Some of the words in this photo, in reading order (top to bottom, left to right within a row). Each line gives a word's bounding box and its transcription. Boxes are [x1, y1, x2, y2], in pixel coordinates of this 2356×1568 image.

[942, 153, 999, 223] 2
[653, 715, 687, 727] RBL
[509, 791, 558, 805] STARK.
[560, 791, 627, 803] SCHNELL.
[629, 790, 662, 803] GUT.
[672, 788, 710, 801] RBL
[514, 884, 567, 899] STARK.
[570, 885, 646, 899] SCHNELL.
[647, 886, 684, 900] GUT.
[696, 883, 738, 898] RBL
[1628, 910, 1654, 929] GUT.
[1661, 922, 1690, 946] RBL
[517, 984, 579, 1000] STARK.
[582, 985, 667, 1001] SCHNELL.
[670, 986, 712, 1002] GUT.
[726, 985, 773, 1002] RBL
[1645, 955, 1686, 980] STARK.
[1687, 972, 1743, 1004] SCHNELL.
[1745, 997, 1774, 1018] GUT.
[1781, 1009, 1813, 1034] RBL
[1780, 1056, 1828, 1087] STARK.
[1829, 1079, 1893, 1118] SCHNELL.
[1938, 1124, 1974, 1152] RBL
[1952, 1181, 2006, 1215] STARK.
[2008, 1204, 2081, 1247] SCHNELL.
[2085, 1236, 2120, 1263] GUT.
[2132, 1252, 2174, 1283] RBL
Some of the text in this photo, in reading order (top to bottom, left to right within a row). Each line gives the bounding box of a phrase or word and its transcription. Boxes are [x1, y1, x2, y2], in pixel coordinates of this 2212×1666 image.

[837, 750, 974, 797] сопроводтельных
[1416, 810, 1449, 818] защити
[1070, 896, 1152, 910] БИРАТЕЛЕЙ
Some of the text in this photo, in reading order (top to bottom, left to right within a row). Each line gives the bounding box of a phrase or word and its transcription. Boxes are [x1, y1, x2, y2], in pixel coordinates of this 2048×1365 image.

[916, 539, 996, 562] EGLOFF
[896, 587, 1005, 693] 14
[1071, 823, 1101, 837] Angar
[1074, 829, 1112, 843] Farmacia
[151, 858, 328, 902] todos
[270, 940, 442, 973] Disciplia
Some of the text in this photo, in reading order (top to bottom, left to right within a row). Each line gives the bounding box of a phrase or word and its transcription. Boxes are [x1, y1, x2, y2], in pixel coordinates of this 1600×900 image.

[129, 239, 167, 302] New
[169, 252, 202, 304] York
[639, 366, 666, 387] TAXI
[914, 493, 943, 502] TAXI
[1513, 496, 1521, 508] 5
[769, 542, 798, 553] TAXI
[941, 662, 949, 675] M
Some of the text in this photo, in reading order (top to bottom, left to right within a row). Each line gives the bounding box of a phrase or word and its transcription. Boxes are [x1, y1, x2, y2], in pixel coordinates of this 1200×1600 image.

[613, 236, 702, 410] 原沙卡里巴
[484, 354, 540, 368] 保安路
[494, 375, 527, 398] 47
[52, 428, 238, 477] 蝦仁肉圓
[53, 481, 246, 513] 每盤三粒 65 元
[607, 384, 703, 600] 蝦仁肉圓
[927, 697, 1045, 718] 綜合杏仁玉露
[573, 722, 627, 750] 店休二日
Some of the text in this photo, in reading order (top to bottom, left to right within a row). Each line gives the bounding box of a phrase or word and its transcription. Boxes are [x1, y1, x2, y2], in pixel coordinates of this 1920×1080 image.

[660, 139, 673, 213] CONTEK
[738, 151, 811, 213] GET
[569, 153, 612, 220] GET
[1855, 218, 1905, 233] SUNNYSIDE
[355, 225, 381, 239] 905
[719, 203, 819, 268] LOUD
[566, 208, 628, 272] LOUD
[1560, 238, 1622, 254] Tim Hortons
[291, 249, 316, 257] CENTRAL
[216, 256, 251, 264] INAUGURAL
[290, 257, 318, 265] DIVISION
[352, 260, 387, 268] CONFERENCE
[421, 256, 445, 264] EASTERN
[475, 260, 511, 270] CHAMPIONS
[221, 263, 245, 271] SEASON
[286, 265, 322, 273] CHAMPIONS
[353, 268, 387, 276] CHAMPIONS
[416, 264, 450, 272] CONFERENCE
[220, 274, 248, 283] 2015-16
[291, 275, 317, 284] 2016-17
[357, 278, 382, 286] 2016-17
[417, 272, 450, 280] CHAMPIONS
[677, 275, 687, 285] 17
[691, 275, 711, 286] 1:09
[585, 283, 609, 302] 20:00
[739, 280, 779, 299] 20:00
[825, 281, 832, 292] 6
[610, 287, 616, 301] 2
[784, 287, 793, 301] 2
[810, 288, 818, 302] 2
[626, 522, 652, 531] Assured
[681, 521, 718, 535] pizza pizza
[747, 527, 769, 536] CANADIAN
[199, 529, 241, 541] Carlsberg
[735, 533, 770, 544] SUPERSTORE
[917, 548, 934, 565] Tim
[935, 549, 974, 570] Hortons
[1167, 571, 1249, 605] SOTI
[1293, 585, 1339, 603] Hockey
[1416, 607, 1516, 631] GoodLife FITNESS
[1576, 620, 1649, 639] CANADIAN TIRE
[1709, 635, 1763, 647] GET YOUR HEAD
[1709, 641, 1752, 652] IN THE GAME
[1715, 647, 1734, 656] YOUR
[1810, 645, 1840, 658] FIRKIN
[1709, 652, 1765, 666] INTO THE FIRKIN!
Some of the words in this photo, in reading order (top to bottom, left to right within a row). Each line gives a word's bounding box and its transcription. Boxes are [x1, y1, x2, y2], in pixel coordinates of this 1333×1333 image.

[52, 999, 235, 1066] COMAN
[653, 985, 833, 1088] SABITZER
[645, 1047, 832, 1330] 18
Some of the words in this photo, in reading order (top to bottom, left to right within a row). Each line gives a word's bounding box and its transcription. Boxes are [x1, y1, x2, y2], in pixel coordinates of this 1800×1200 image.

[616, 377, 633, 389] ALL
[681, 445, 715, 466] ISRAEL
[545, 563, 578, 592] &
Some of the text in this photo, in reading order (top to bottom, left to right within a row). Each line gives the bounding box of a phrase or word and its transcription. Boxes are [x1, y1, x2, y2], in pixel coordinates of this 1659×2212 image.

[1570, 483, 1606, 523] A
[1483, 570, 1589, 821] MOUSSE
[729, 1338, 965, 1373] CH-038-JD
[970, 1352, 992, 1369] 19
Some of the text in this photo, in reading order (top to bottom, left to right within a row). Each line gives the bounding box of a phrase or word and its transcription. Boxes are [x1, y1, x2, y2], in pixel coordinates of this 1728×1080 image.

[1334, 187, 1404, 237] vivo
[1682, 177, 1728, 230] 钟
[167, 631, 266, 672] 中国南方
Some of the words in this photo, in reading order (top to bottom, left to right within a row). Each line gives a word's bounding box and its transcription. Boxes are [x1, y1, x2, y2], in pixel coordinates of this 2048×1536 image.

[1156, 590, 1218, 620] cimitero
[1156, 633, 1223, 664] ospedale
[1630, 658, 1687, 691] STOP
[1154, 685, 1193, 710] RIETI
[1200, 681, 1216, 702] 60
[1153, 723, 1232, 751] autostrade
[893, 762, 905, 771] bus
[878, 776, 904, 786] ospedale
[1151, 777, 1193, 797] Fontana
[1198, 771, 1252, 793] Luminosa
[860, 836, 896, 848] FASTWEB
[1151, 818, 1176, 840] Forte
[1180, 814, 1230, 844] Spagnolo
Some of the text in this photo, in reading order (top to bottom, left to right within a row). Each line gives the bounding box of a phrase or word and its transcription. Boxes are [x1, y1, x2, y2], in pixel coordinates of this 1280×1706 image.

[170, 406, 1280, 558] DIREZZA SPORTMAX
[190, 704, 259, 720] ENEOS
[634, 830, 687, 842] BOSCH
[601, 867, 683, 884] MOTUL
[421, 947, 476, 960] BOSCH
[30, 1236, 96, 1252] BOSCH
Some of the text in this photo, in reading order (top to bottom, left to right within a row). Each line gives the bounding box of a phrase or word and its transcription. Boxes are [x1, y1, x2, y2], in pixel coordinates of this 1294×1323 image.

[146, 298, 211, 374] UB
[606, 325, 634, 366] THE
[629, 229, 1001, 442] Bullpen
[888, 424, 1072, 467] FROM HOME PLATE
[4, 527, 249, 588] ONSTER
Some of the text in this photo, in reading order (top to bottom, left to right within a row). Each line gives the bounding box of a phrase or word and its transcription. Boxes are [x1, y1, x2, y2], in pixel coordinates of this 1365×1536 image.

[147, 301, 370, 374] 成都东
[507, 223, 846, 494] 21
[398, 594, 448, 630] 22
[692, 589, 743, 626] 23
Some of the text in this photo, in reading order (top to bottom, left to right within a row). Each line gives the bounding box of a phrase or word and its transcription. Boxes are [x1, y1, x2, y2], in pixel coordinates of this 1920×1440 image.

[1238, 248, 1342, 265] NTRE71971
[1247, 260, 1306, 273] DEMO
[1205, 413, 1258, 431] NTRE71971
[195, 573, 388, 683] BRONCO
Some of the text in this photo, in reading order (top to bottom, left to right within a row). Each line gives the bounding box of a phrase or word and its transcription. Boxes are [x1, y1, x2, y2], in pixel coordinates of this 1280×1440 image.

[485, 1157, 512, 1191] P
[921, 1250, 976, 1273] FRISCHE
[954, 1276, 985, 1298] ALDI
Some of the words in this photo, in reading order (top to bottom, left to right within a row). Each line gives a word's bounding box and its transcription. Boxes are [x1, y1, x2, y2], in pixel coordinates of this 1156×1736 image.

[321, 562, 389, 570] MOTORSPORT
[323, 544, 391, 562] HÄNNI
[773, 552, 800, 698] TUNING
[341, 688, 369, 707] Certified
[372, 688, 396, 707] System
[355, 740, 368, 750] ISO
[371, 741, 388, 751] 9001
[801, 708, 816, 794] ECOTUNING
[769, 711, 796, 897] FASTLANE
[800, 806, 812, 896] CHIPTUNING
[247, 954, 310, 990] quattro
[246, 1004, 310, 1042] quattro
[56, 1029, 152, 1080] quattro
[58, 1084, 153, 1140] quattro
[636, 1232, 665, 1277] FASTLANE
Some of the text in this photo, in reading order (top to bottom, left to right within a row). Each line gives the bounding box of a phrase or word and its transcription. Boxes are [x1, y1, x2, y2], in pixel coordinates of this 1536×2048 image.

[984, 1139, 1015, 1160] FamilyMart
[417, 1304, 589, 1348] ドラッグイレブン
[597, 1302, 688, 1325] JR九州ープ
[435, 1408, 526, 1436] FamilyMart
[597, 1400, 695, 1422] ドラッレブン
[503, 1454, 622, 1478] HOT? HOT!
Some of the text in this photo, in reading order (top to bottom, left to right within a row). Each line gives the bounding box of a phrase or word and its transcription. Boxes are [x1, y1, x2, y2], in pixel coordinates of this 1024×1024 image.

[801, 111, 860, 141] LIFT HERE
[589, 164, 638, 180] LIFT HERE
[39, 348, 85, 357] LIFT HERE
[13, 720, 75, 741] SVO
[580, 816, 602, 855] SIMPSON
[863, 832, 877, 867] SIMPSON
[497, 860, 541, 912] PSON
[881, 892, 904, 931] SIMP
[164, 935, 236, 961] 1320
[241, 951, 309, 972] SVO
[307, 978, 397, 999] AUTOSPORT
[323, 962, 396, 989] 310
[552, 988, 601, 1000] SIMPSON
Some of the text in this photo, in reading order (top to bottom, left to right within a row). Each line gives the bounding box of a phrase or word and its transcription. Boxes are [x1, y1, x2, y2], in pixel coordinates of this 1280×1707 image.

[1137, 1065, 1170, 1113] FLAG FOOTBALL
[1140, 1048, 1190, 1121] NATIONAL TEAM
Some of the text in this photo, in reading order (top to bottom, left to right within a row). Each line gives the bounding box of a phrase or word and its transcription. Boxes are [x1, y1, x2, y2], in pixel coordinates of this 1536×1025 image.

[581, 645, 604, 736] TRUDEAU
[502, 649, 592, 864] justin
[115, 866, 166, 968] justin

• Problem details
Reply with the lines from the one that contains "this 1280×1707 image." through the last line of the material above, copied exactly and nothing else.

• Solution
Some of the text in this photo, in reading order (top to bottom, left to right within a row). Each line gives the bounding box of a phrase or word and its transcription. Boxes are [x1, y1, x2, y2], in pixel coordinates of this 1280×1707 image.

[1137, 1065, 1170, 1113] FLAG FOOTBALL
[1140, 1048, 1190, 1121] NATIONAL TEAM
Some of the text in this photo, in reading order (top to bottom, left to right within a row). Each line gives the bounding box of a phrase or word and its transcription. Boxes are [x1, y1, x2, y2], in pixel coordinates of this 1536×1025 image.

[581, 645, 604, 736] TRUDEAU
[502, 649, 592, 864] justin
[115, 866, 166, 968] justin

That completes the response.